*THE TASK:*
Everything in the entries is to be written out exactly, except for the pictures.

BEGIN

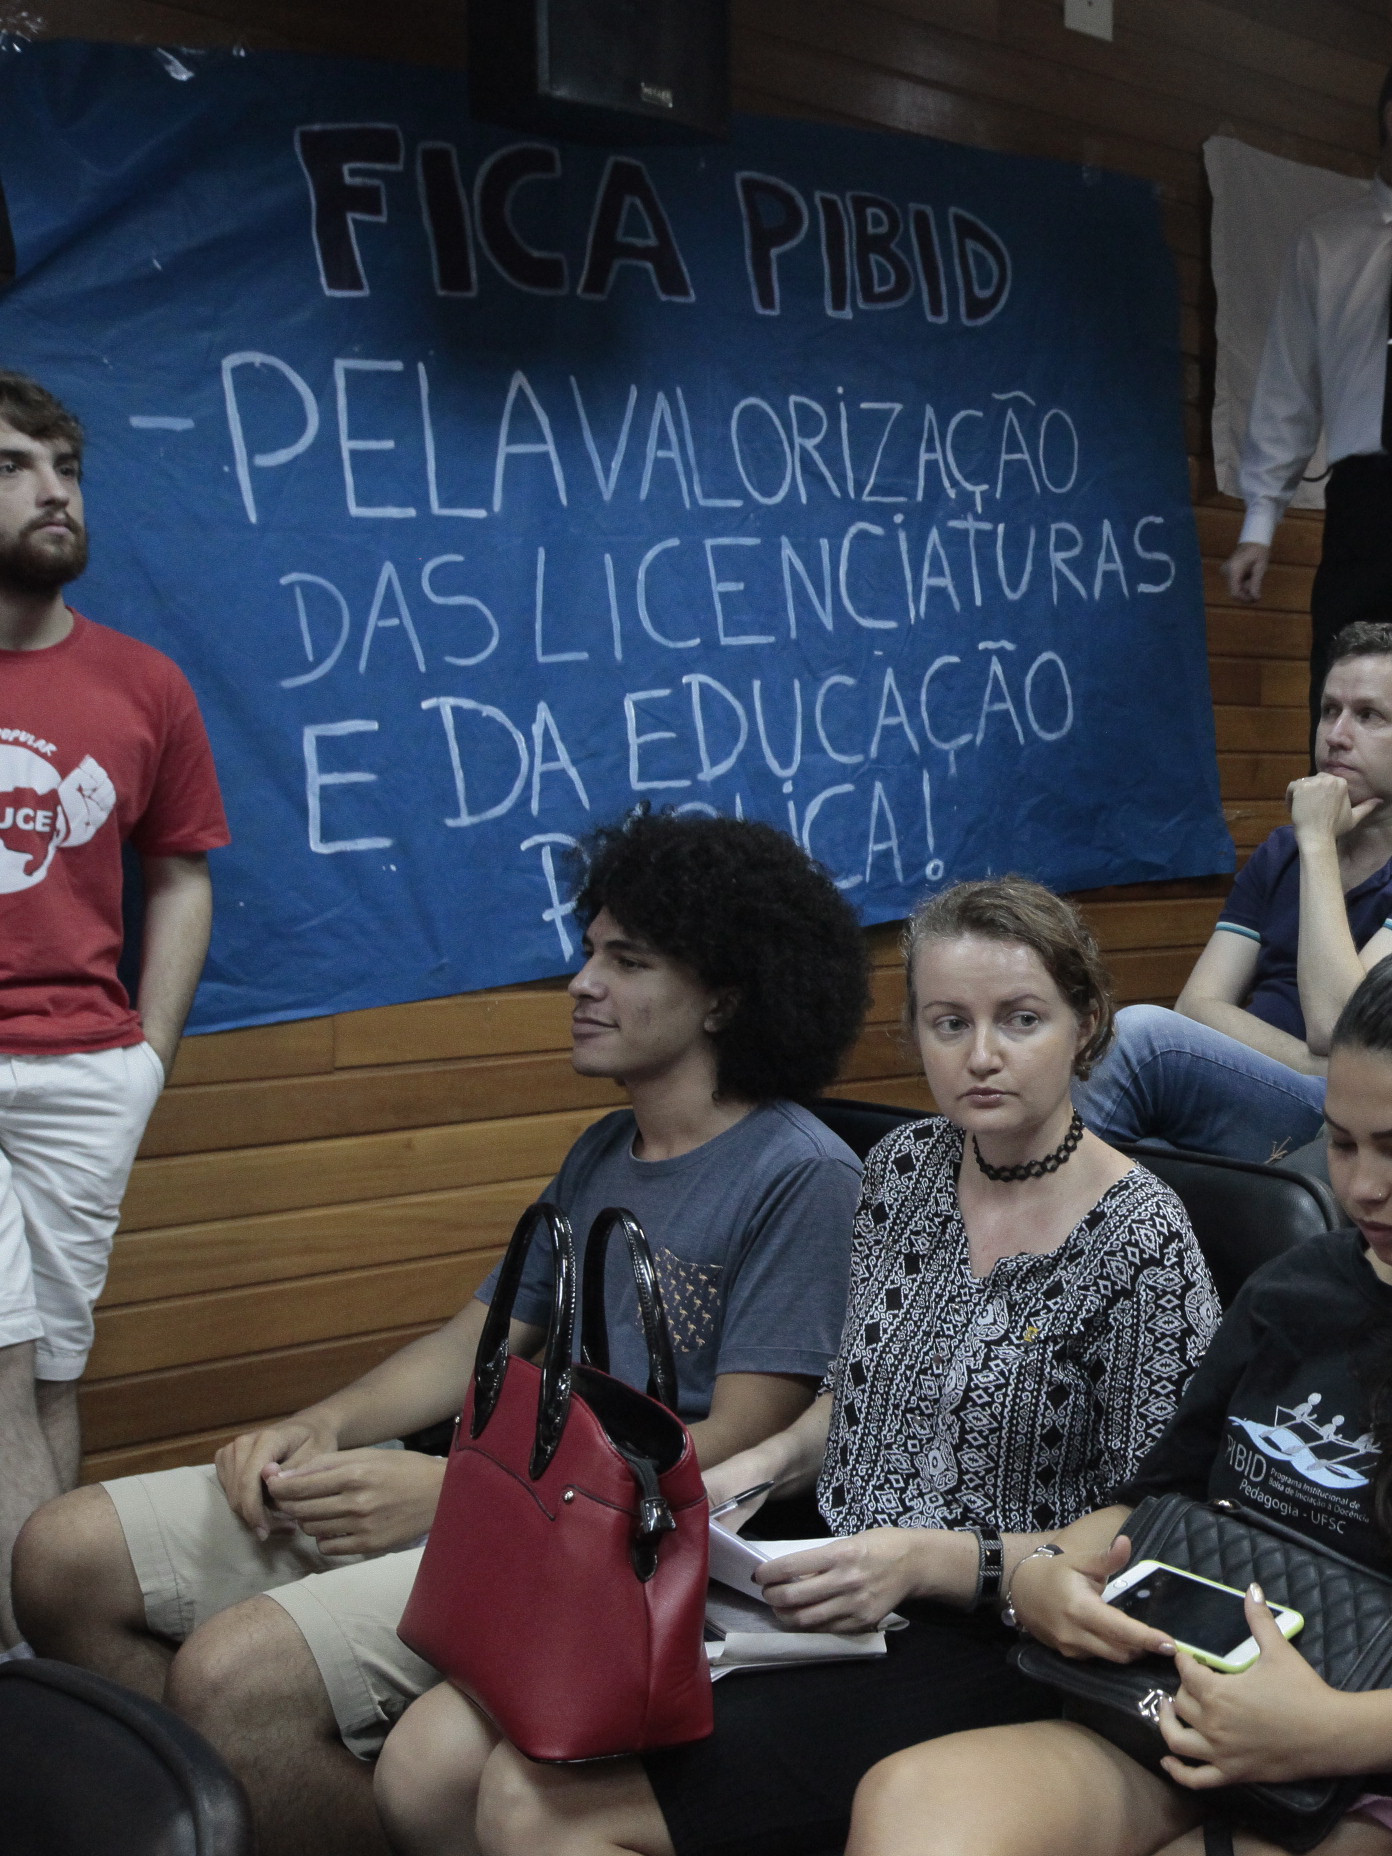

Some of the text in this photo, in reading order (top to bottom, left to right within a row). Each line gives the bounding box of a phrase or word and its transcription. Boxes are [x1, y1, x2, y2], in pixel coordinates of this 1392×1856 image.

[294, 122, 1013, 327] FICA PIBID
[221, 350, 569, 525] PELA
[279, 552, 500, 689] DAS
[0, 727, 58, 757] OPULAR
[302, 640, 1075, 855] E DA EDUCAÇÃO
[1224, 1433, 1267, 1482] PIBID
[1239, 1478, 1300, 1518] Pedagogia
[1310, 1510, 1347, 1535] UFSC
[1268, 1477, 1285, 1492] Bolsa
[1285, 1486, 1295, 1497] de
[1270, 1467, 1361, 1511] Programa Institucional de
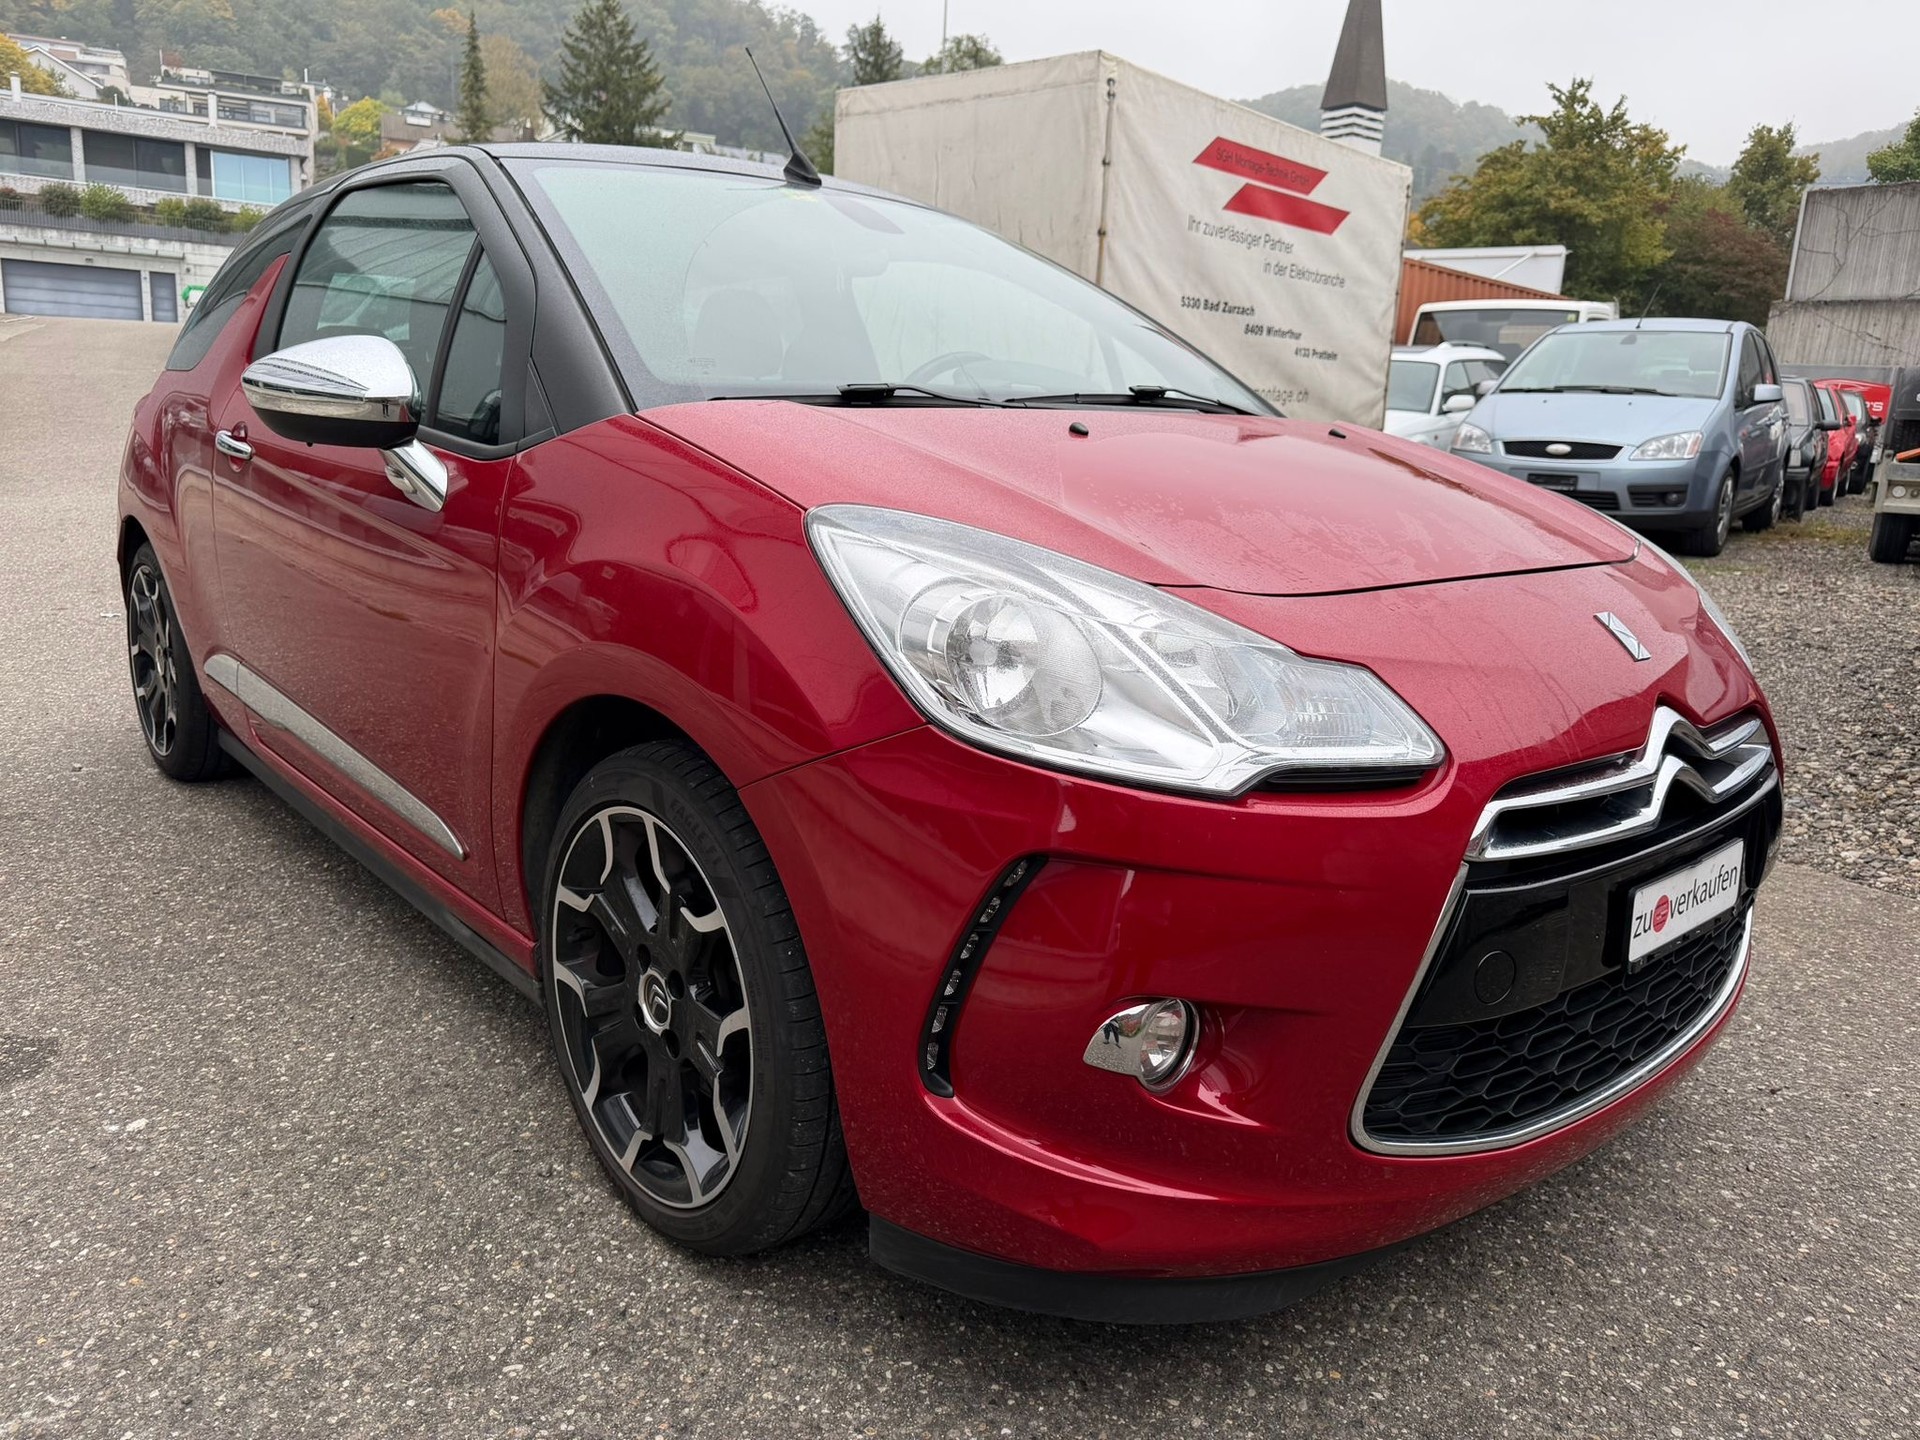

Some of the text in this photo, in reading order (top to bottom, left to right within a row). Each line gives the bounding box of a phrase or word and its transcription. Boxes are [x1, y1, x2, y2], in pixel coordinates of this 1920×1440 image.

END

*RESPONSE BOX:*
Some of the text in this photo, in reading order (top to bottom, left to right within a row). Each line gives the bounding box of a phrase or word and its transcription. Boxes are [x1, y1, x2, y2], in pixel coordinates of this 1392×1856 image.

[294, 122, 1013, 327] FICA PIBID
[221, 350, 569, 525] PELA
[279, 552, 500, 689] DAS
[0, 727, 58, 757] OPULAR
[302, 640, 1075, 855] E DA EDUCAÇÃO
[1224, 1433, 1267, 1482] PIBID
[1239, 1478, 1300, 1518] Pedagogia
[1310, 1510, 1347, 1535] UFSC
[1268, 1477, 1285, 1492] Bolsa
[1285, 1486, 1295, 1497] de
[1270, 1467, 1361, 1511] Programa Institucional de

Some of the text in this photo, in reading order (top to bottom, left to right within a row). Each line gives the bounding box of a phrase or word and its transcription. Boxes are [x1, y1, x2, y2], in pixel coordinates of this 1920×1440 image.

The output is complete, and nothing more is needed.